**ABOUT THIS TASK**. Give back every entry exactly; drop the pictures.

**ENTRIES SUPPLIED**.
┌──

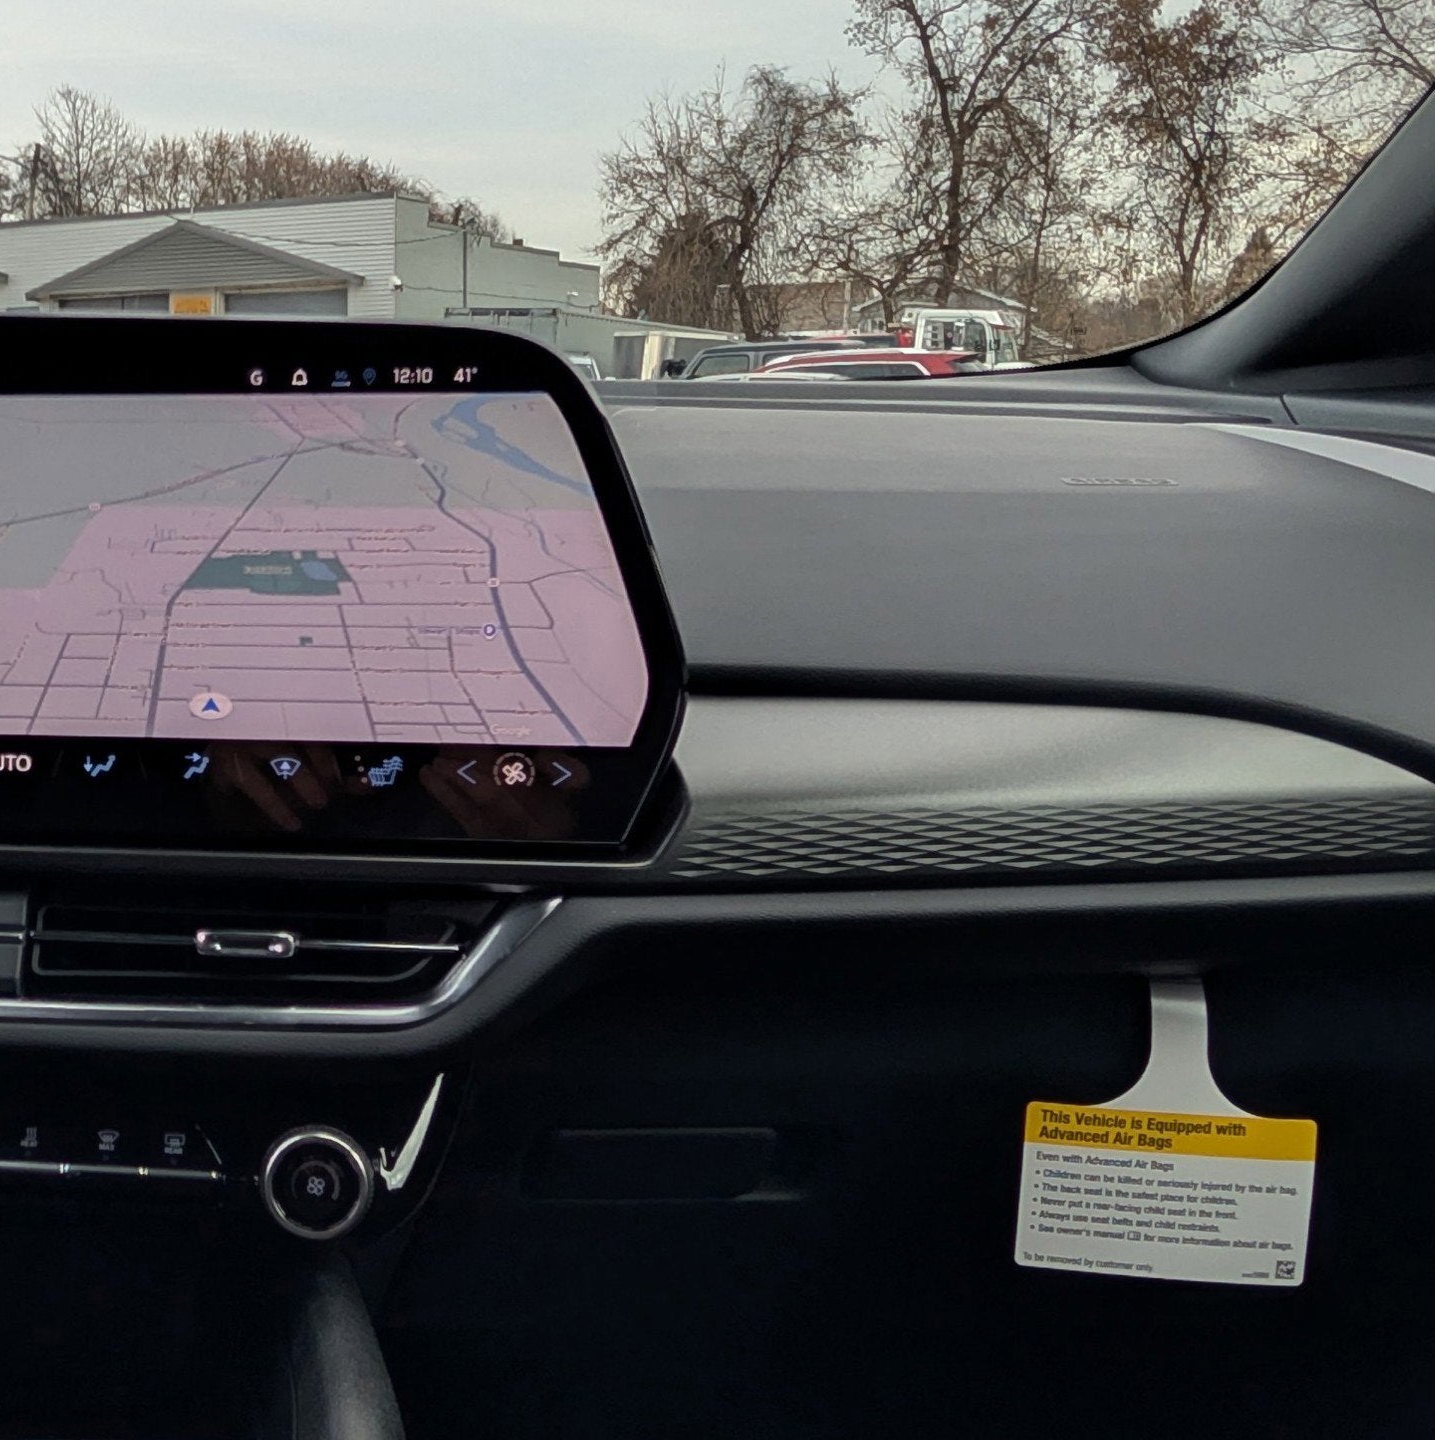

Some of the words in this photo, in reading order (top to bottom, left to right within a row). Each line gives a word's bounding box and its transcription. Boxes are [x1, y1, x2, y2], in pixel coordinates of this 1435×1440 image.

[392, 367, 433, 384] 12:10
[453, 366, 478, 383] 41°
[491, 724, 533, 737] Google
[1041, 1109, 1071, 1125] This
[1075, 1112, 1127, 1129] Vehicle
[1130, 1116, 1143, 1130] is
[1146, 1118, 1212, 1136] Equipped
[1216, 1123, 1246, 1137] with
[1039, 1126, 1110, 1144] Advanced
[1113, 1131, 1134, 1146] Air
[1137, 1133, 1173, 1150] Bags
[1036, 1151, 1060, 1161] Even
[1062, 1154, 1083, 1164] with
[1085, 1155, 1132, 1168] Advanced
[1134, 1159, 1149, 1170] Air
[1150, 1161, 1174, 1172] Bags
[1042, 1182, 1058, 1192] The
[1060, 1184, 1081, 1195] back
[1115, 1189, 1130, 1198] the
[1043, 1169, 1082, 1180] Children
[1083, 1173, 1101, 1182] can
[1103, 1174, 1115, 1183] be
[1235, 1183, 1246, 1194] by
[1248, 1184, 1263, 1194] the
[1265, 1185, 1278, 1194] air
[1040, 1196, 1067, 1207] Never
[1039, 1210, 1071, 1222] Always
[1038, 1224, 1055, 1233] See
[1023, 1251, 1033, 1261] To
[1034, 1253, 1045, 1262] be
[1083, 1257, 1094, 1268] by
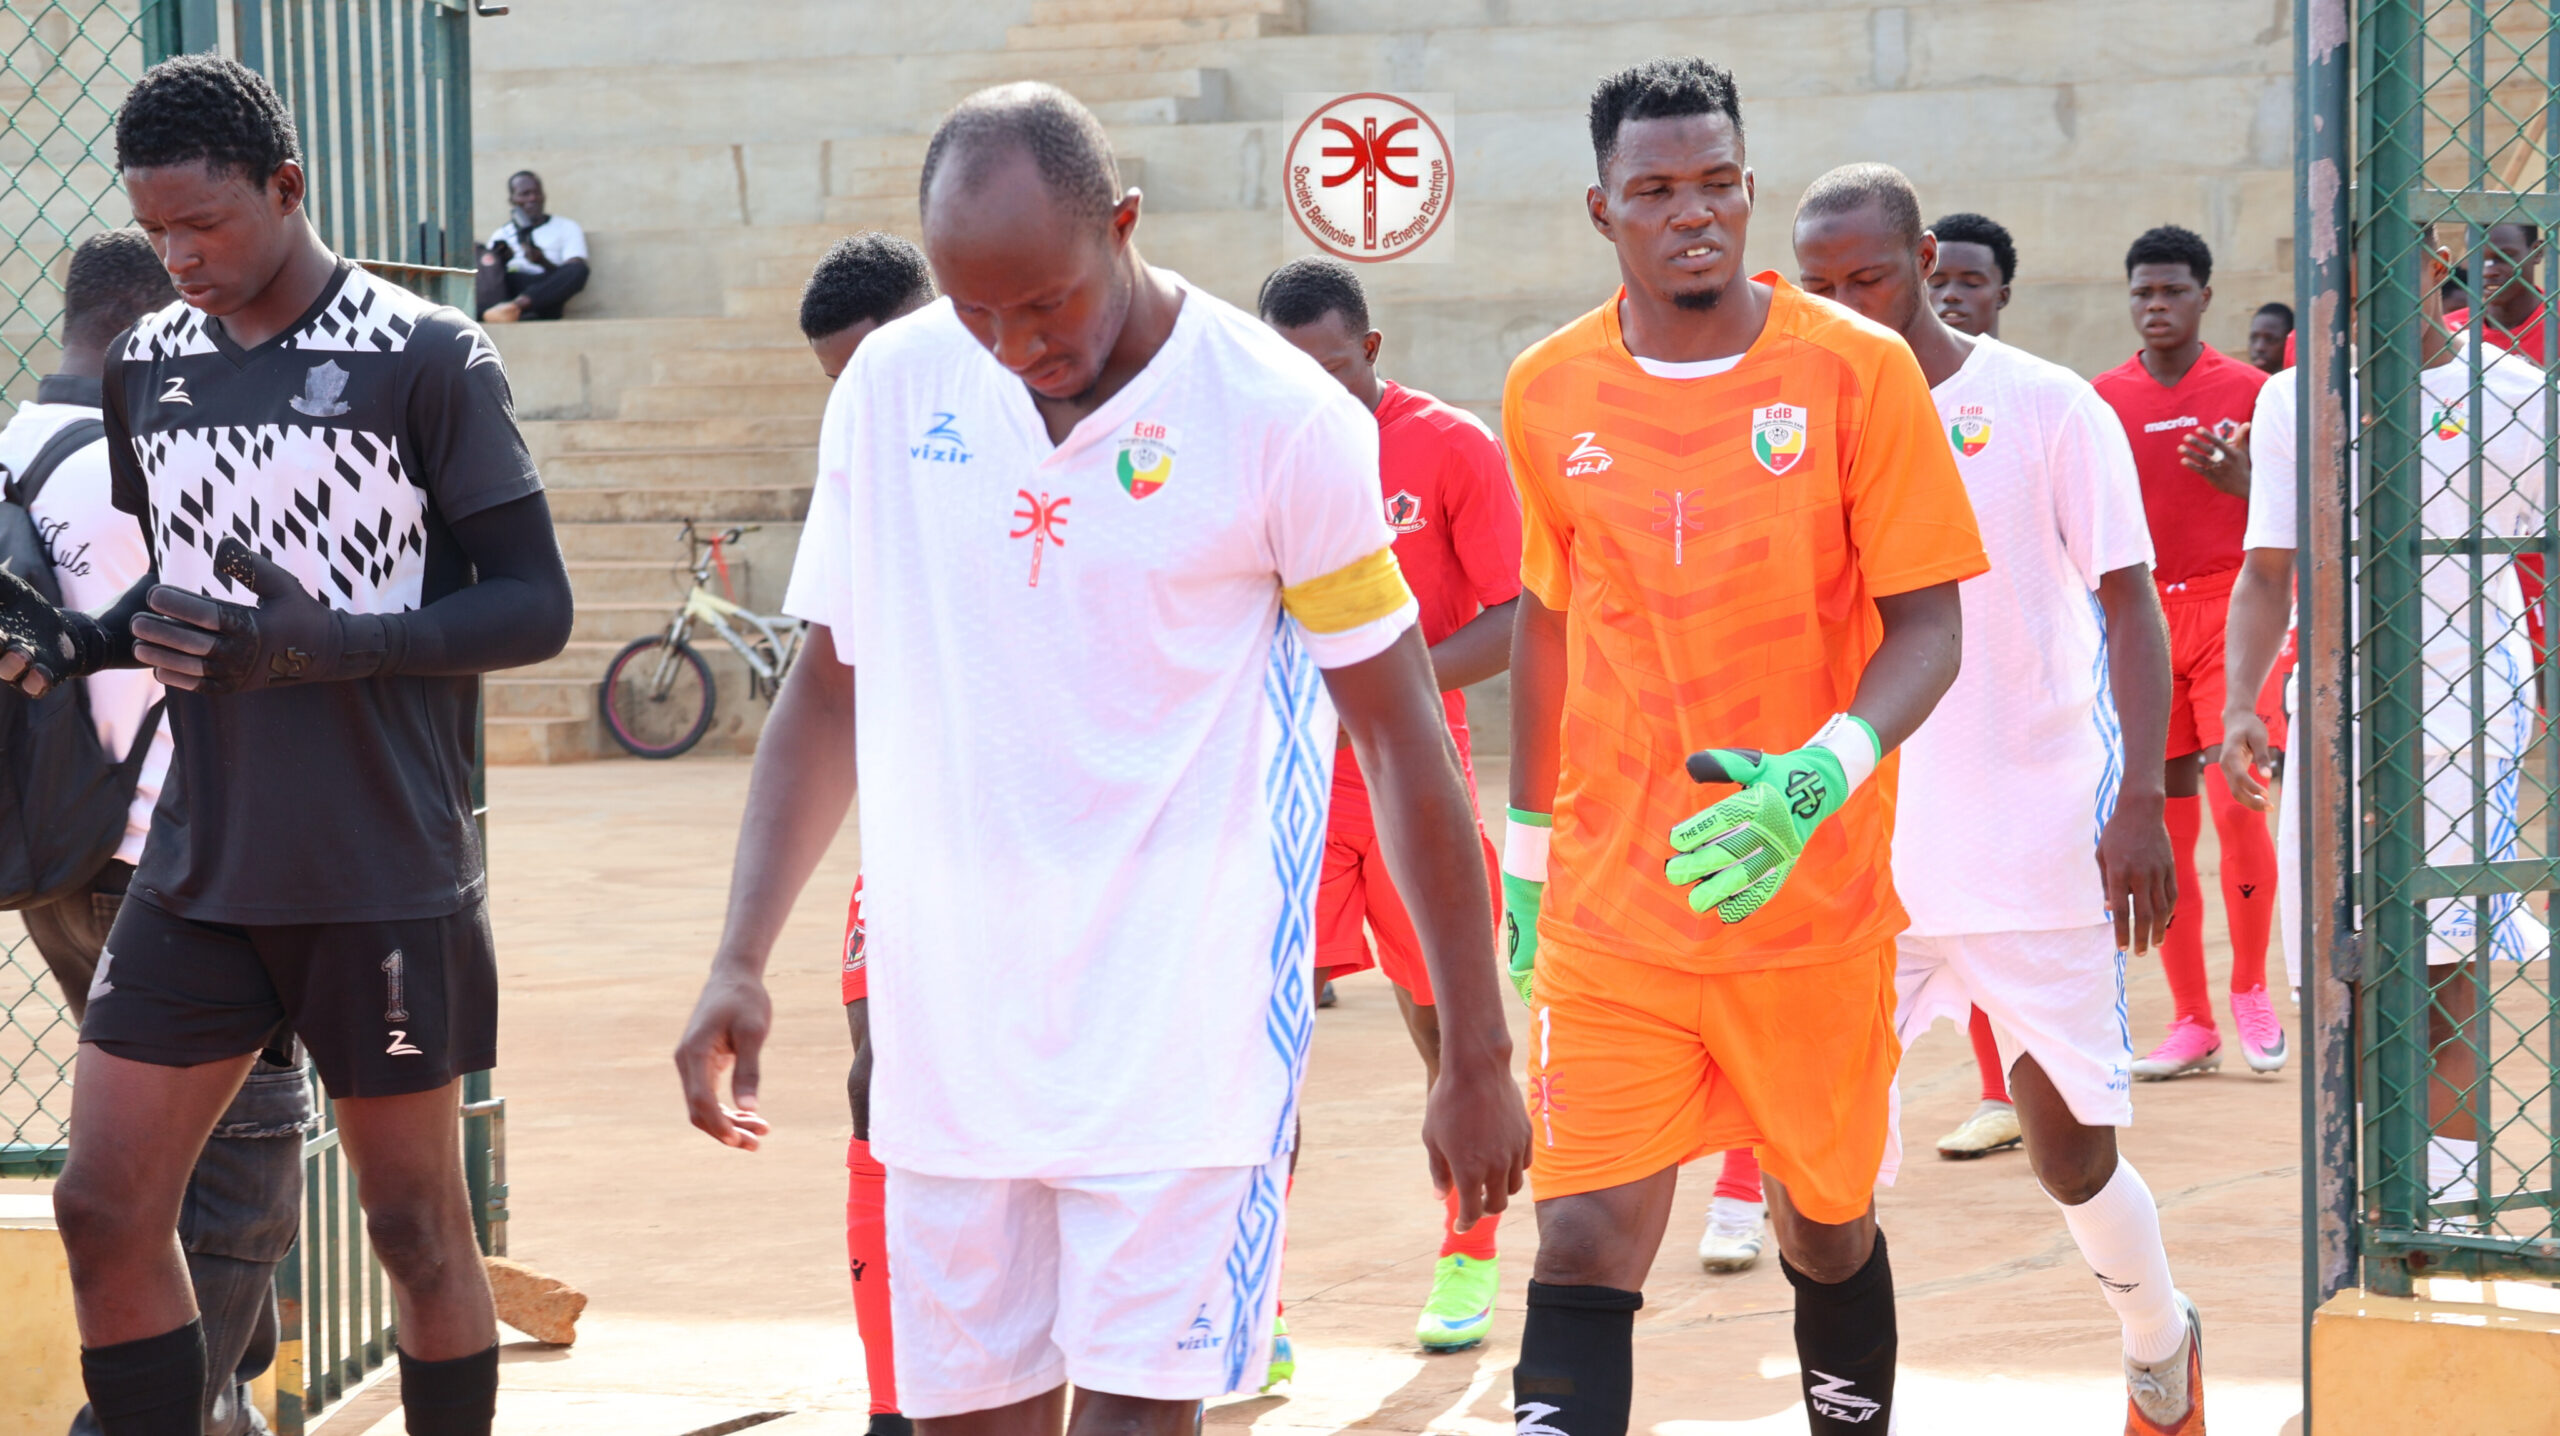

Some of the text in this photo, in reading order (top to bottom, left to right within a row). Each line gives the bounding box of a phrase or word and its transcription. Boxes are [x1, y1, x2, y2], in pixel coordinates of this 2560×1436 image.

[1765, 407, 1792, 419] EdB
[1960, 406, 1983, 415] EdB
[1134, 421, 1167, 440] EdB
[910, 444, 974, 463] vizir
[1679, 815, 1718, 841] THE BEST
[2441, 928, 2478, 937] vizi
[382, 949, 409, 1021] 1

└──

**RESULT OF THIS TASK**.
Some of the words in this photo, in reading order (top to bottom, left to right within a row). Each line gives a word's bounding box and its transcription. Boxes are [x1, y1, x2, y2], in pixel coordinates of this 1435×1440 image.

[392, 367, 433, 384] 12:10
[453, 366, 478, 383] 41°
[491, 724, 533, 737] Google
[1041, 1109, 1071, 1125] This
[1075, 1112, 1127, 1129] Vehicle
[1130, 1116, 1143, 1130] is
[1146, 1118, 1212, 1136] Equipped
[1216, 1123, 1246, 1137] with
[1039, 1126, 1110, 1144] Advanced
[1113, 1131, 1134, 1146] Air
[1137, 1133, 1173, 1150] Bags
[1036, 1151, 1060, 1161] Even
[1062, 1154, 1083, 1164] with
[1085, 1155, 1132, 1168] Advanced
[1134, 1159, 1149, 1170] Air
[1150, 1161, 1174, 1172] Bags
[1042, 1182, 1058, 1192] The
[1060, 1184, 1081, 1195] back
[1115, 1189, 1130, 1198] the
[1043, 1169, 1082, 1180] Children
[1083, 1173, 1101, 1182] can
[1103, 1174, 1115, 1183] be
[1235, 1183, 1246, 1194] by
[1248, 1184, 1263, 1194] the
[1265, 1185, 1278, 1194] air
[1040, 1196, 1067, 1207] Never
[1039, 1210, 1071, 1222] Always
[1038, 1224, 1055, 1233] See
[1023, 1251, 1033, 1261] To
[1034, 1253, 1045, 1262] be
[1083, 1257, 1094, 1268] by

Some of the text in this photo, in reading order (top to bottom, left to right within a row). Each line gives the bounding box of a phrase or word and its transcription. Boxes are [x1, y1, x2, y2], in pixel coordinates of this 2560×1436 image.

[1765, 407, 1792, 419] EdB
[1960, 406, 1983, 415] EdB
[1134, 421, 1167, 440] EdB
[910, 444, 974, 463] vizir
[1679, 815, 1718, 841] THE BEST
[2441, 928, 2478, 937] vizi
[382, 949, 409, 1021] 1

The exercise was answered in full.